Example: Analysis of Selection Sort
Based on the analysis above, let’s check our understanding and see if we can characterize the runtime of another sorting algorithm, selection sort. Selection sort is defined as
def selection_sort(A):
for i in range(0, len(A) - 1):
min_index = i
for j in range(i + 1, len(A)):
if A[j] < A[min_index]:
min_index = j
A[i], A[min_index] = A[min_index], A[i]
The first statement for i in range(0, len(A) - 1) will be evaluated \(n\) times. With the exception of the inner for loop, the rest of the statements in the scope of the first for loop are executed once per iteration. Their costs are \(c_2\) and \(c_6\), respectively.

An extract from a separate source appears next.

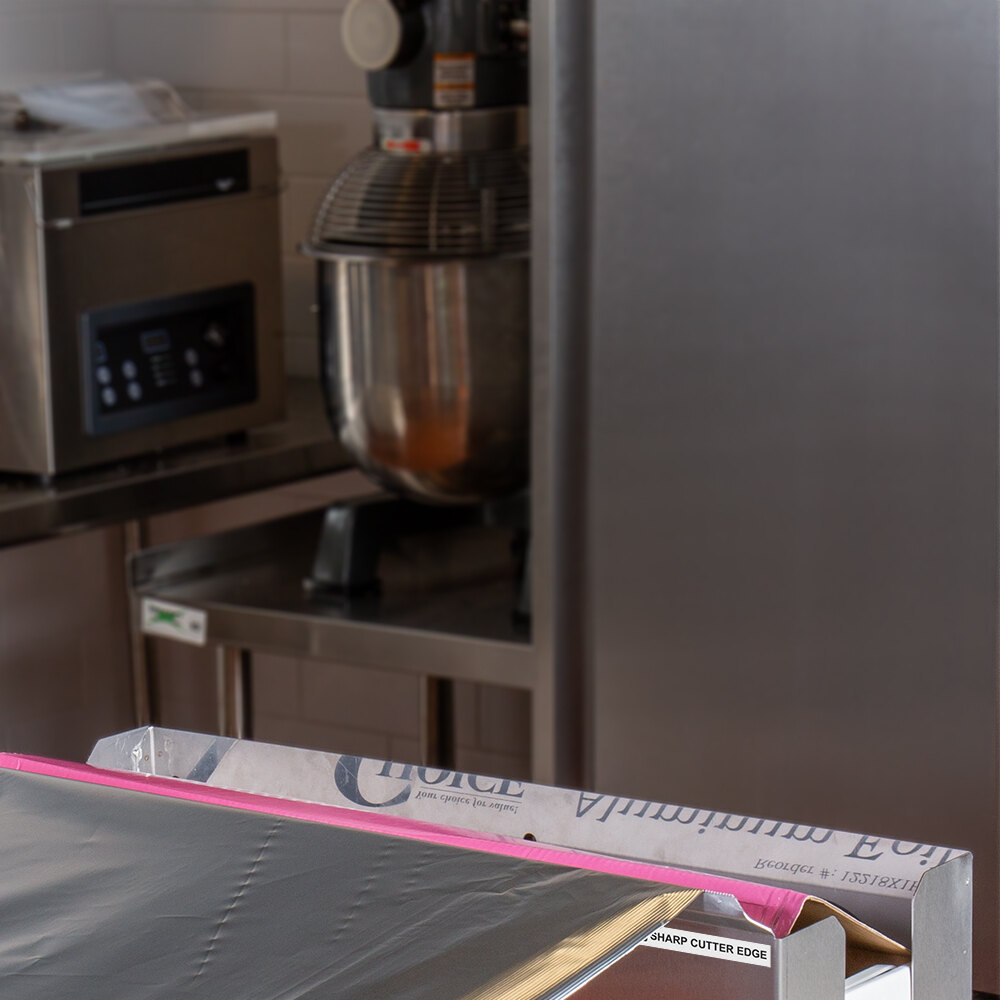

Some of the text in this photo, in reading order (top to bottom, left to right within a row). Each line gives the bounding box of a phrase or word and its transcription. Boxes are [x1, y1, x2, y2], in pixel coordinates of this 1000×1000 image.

The inner for loop will be checked \(n-i\) times for each iteration of the outer for loop. The cost of the condition check is \(c_3\). The cost of the statements inside the for loop are \(c_4\) and \(c_5\). The if check is evaluated for every iteration of the inner loop, but the statements inside the if are only executed when the condition is true. We can denote this as \(t_i\), the number of times the if condition is true for each iteration of the inner for loop. The cost of the inner loop is given as
\begin{align} c_3 \sum_{i=1}^{n-1} (n-i) + c_4 \sum_{i=0}^{n-1} (n-i-1) + c_5 \sum_{i=0}^{n-1} t_i\\ \end{align}
Combining this with the cost of the outer for loop, we get
\begin{align} T(n) &= c_1 n + c_2 (n-1) + c_6 (n-1) + c_3 \sum_{i=0}^{n-1} (n-i) + c_4 \sum_{i=0}^{n-1} (n-i-1) + c_5 \sum_{i=0}^{n-1} t_i\\ \end{align}